Ph.D. in Biostatistics Admissions

Application

Applications to the Ph.D. in Biostatistics is through the Duke University Graduate School application website. There you will find instructions and the needed information to apply. The online application for the 2023 - 2024 program is open.

Graduate School Application 

Please note: Application materials emailed or mailed to individual faculty members will not be reviewed by our Admissions Committee.

Deadline

The due date for 2023 - 2024 application materials is November 30, 2023 for Fall Semester 2024. The Department matriculates Ph.D. students in the fall only.

Entrance Requirements 

When submitting an application, candidates are required to have the following:

  • A completed on-line Graduate School application
  • Transcripts from all undergraduate and graduate institutions where you earned (or will earn) a degree, studied for one semester or more, or took classes that relate to your current application for graduate study
  • Three letters of recommendation
  • Statement of purpose
  • Graduate Record Examination (GRE) scores are not required for students applying to the PhD in Biostatistics Program for Fall 2023 matriculation. Additional information about the Duke University Graduate School application may be found at the Graduate School application website.
  • Test of English as a Foreign Language (TOEFL) score (If applicable) or​ International English Language Testing System (IELTS) score (If applicable) or the Duolingo English Test score

Additional information about the Duke University Graduate School application may be found at the Graduate School application website.

Application Fee

The application fee is $95. 

The Graduate School provides a limited number of application fee waivers. Domestic applicants should use the following link regarding a request for a waiver: The Graduate School policy for fee waivers

International Fee Waivers:

International Application Fee Waivers

International applicants may be eligible for an application fee waiver. These waivers are limited, and requests will be considered from August 31, 2023 to September 30, 2023. Those granted waivers will be informed by Nov 10, 2023. If you are granted a departmental fee waiver, you will enter that single-use code on the “Fee Waiver” page of the application.

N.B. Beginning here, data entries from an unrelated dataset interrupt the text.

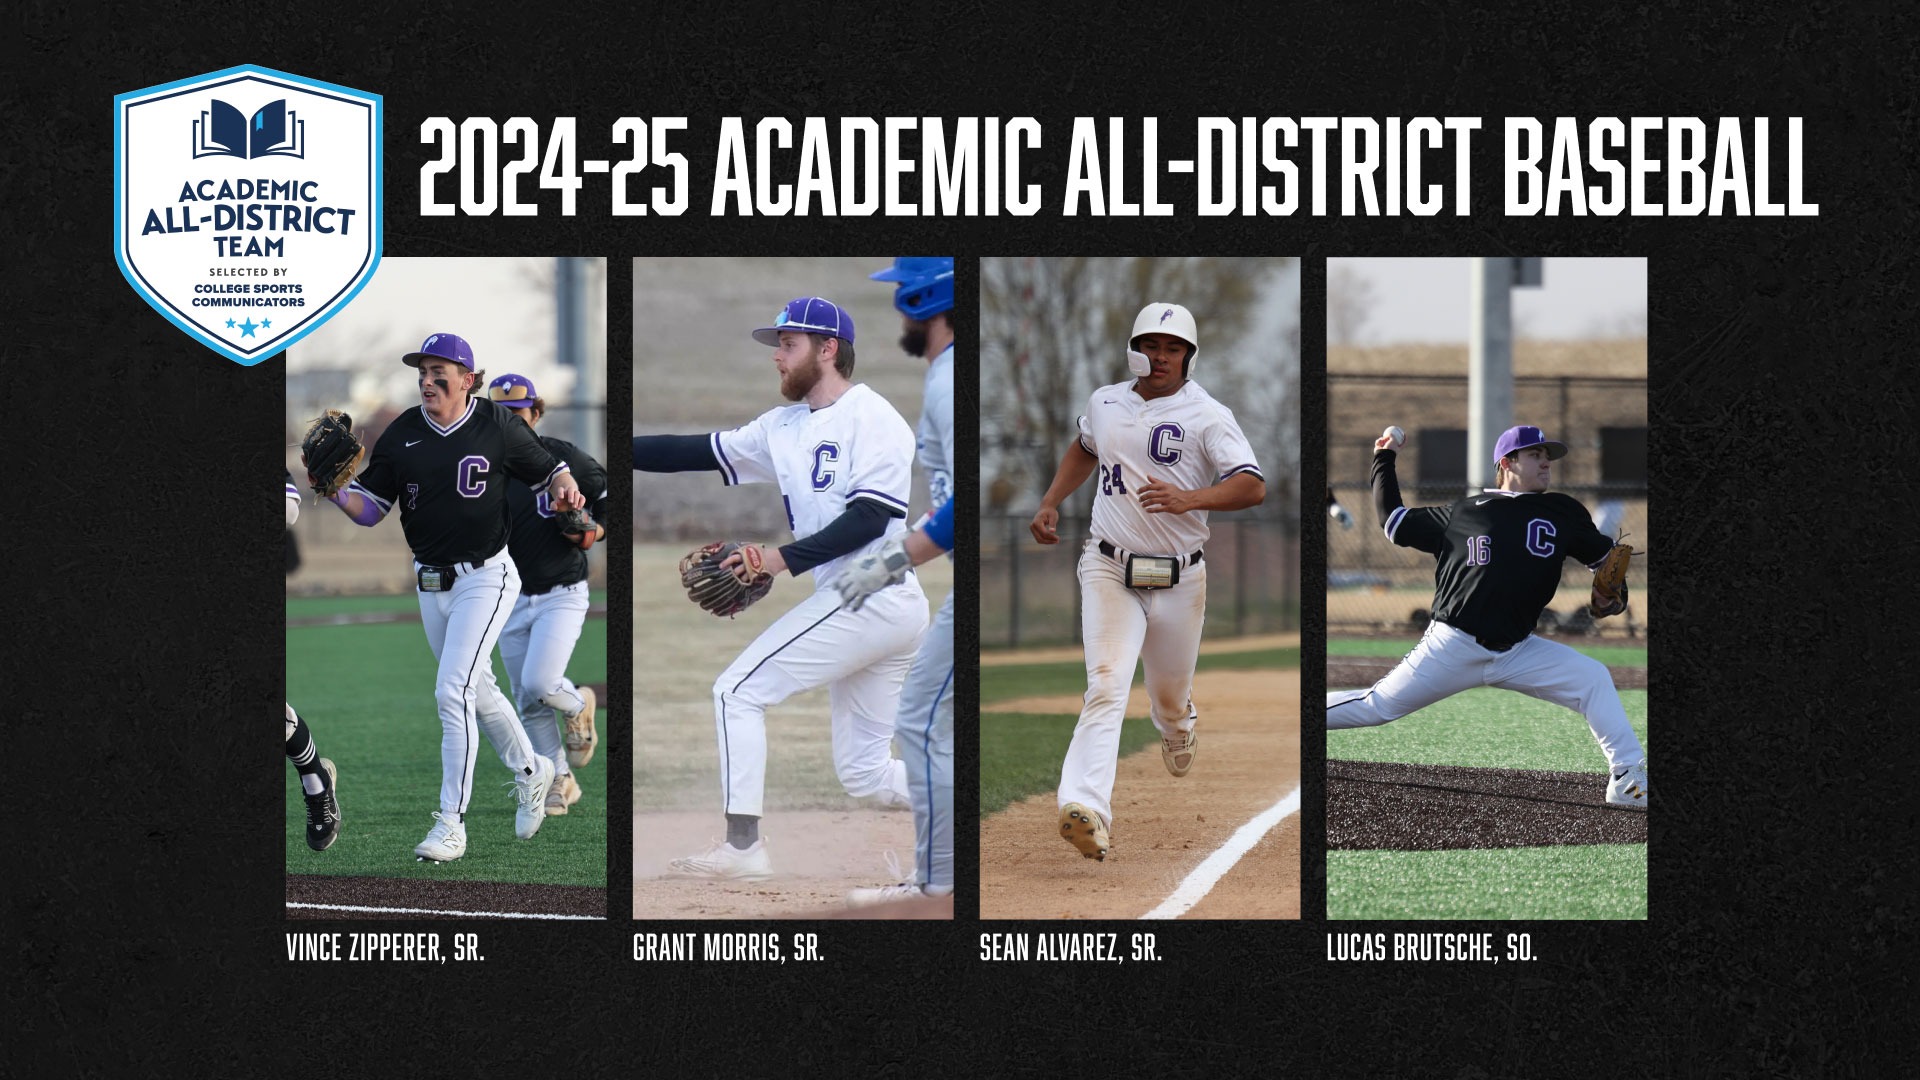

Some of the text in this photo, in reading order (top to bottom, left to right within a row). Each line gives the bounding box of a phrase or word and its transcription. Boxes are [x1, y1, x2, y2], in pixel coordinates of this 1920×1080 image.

[1148, 422, 1185, 467] C
[457, 456, 490, 498] C
[811, 440, 841, 492] C
[1101, 464, 1127, 496] 24
[407, 484, 418, 510] 7
[1466, 535, 1492, 566] 16
[1526, 518, 1557, 558] C

International applicants requesting a fee waiver should include the following information:

1. A clear statement of need (socioeconomic, living in zone of violent conflict, or explicit personal hardship). Widespread socioeconomic need is indicated in countries with an IHDI value of less than 0.5 on the Inequality-Adjusted Human Development Index

2. A current CV. 

Please note that all submitted materials for admissions purposes are subject to verification.

Requests should be sent to: tasha.allison@duke.edu

Student Profile

Some of the traits associated with success in our program are problem definition, problem solving, quantitative thinking, critical thinking, communication, intellectual curiosity, and dedication.  Regarding training, a mathematical background is particularly important.

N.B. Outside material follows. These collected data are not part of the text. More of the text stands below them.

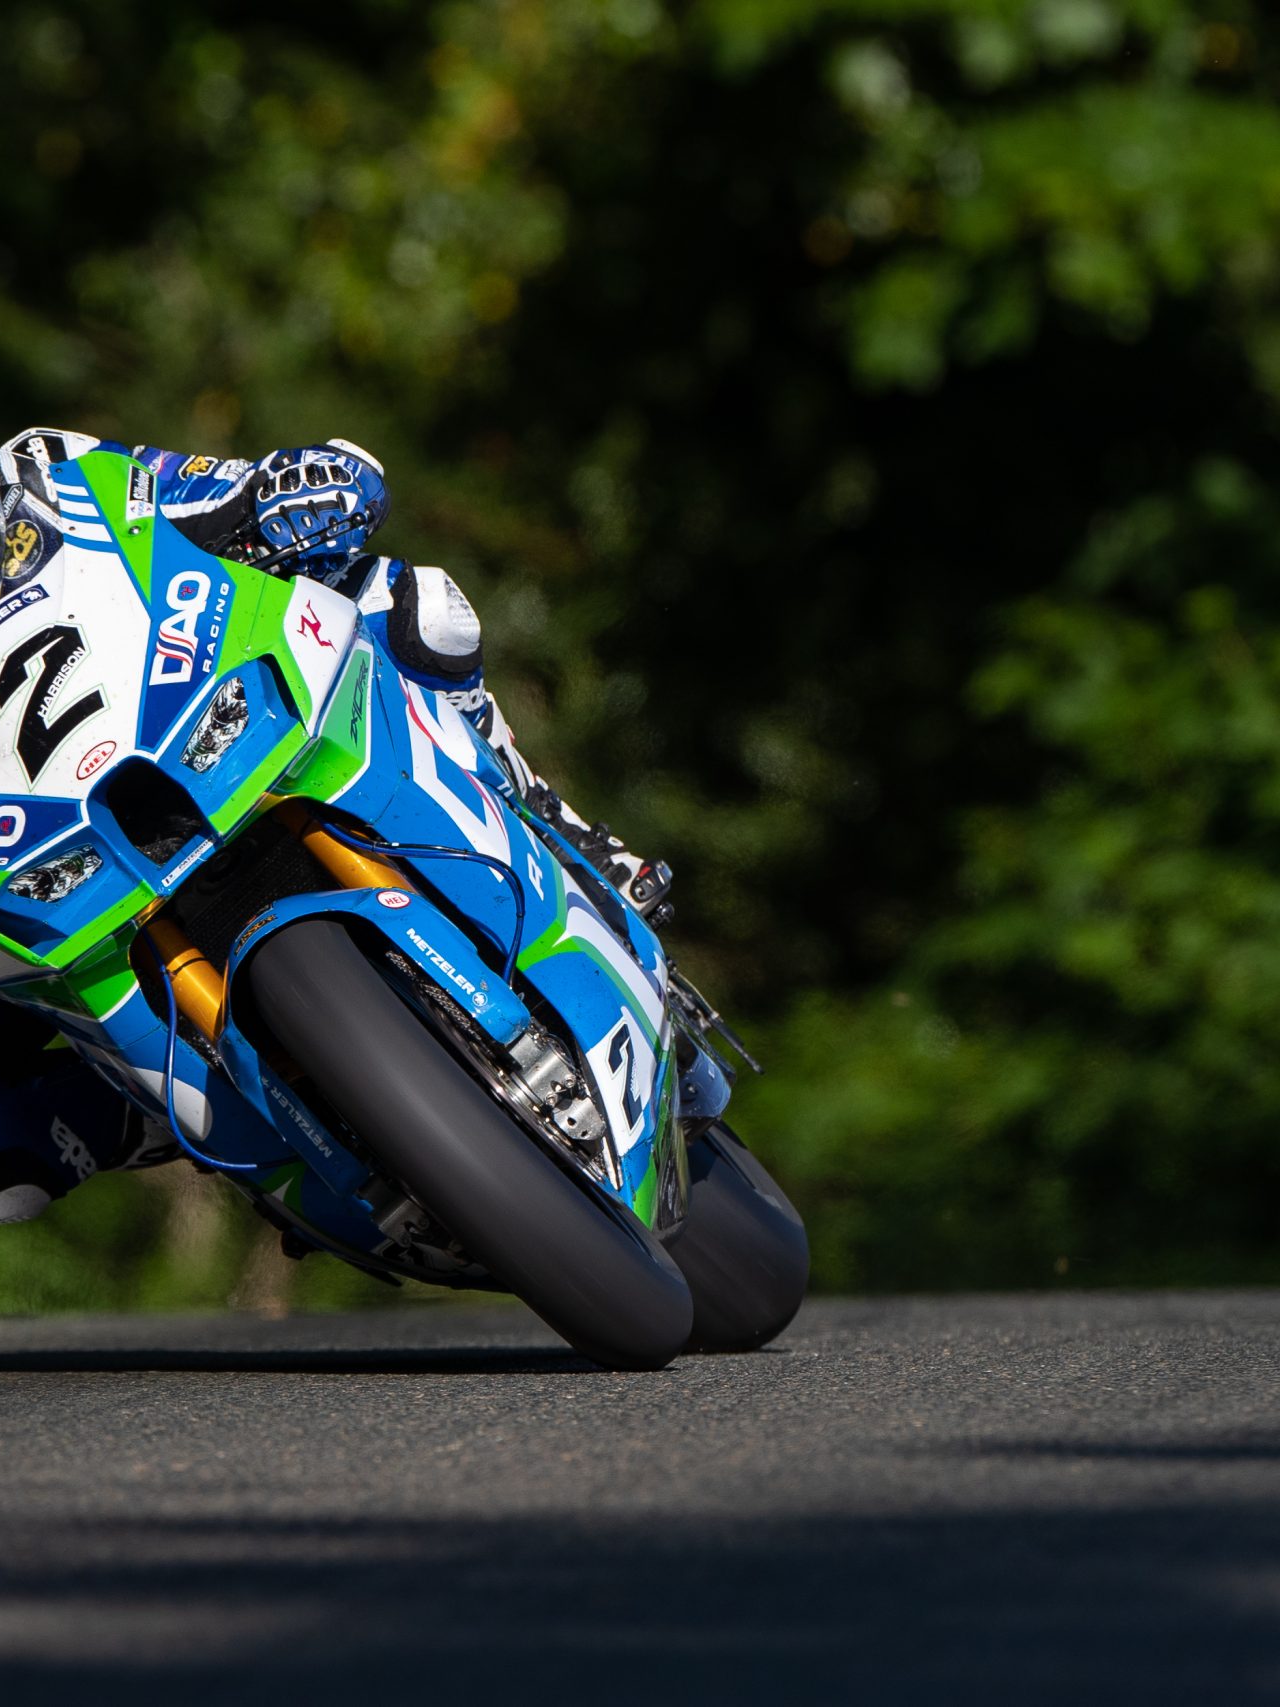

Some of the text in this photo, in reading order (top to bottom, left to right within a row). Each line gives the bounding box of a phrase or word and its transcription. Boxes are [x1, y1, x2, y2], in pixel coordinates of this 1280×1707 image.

[148, 570, 212, 686] DAO
[202, 582, 230, 673] RACING
[84, 750, 111, 773] HEL
[384, 896, 407, 905] HEL
[406, 928, 470, 995] METZELER
[608, 1023, 644, 1131] 2
[270, 1086, 333, 1158] METZELER

Students will need proficiency in both single-variate and multi-variate calculus and linear algebra.  Specifically, incoming students should have a working knowledge of:

  • Optimization of functions
  • Inverse functions
  • Sequences, series and convergence, Taylor series
  • Convergence of sequences of functions (pointwise, uniform, in measure)
  • Differentiation and integration of single- and multi-variate functions
  • Fubini's theorem
  • Fundamental theorem of calculus
  • Matrix algebra and vectors
  • Vector spaces, metric spaces, Hilbert spaces
  • Linear operators
  • Spectral theorem and diagonalization of matrices
  • Inner products, quadratic forms and projections

A course in real analysis is strongly recommended.  As curricula can vary, please note that a suitable course would cover the following (in addition to the usual topics in derivatives and integrals):

  • Real and complex number systems
  • Basic point-set topology (compactness, continuity, connectedness)
  • Metric spaces
  • Numerical sequences, convergence, Cauchy sequences
  • Sequences and series of functions

For an example text, please see Rudin's “Principles of Mathematical Analysis” (known as 'Baby Rudin').